START Data supplied

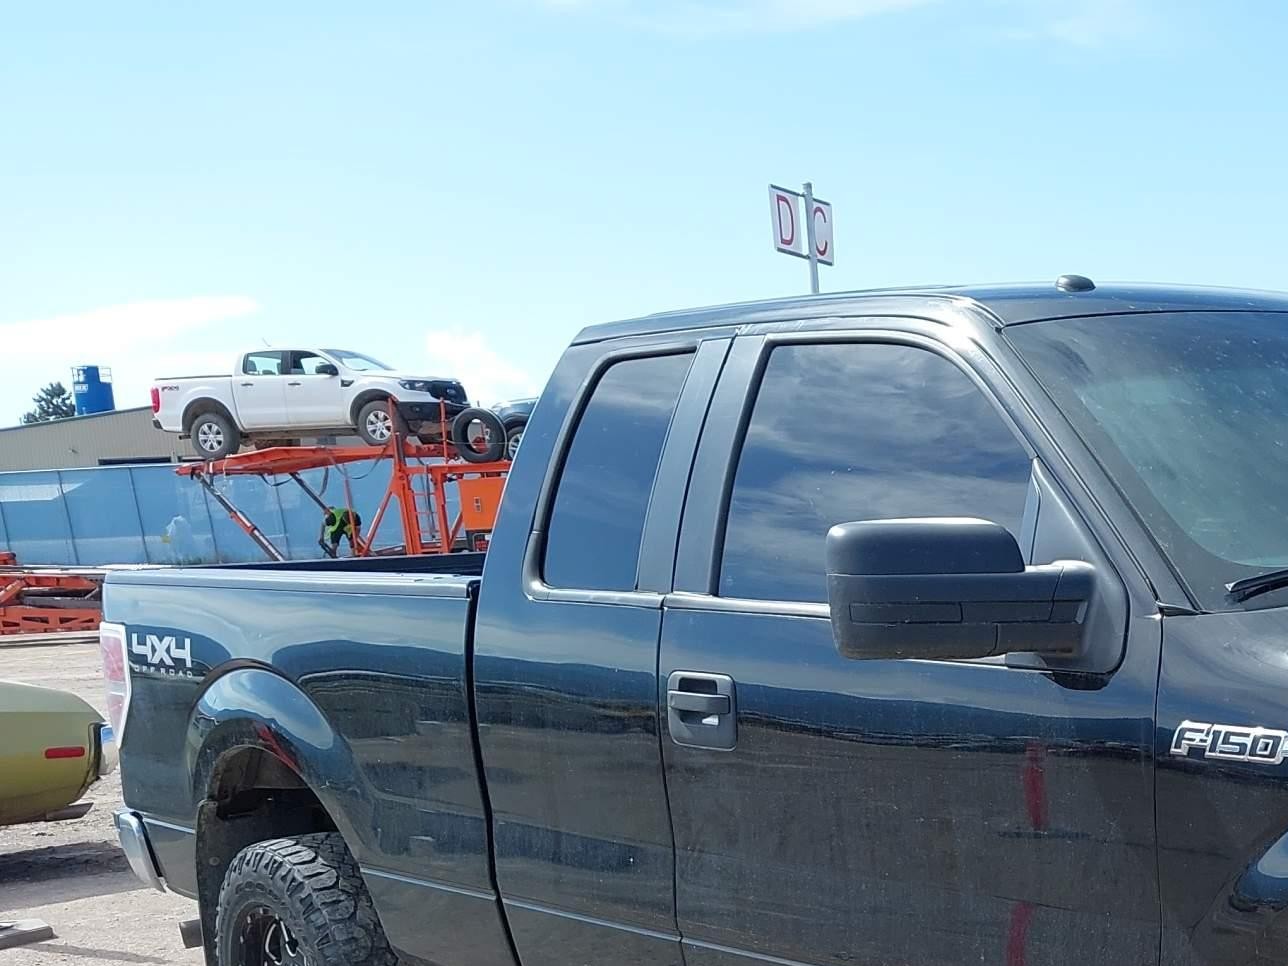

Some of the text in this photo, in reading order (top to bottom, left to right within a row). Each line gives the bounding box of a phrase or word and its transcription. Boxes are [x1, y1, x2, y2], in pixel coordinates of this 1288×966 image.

[776, 194, 795, 246] D
[813, 206, 828, 256] C
[131, 632, 192, 668] 4X4
[134, 665, 193, 679] OFF ROAD

END Data supplied

▶ [Work request]: Drop the pictures and reproduce the rest of the entries above exactly.

▶ [Response area]:
Some of the text in this photo, in reading order (top to bottom, left to right within a row). Each line gives the bounding box of a phrase or word and its transcription. Boxes are [x1, y1, x2, y2], in pixel coordinates of this 1288×966 image.

[776, 194, 795, 246] D
[813, 206, 828, 256] C
[131, 632, 192, 668] 4X4
[134, 665, 193, 679] OFF ROAD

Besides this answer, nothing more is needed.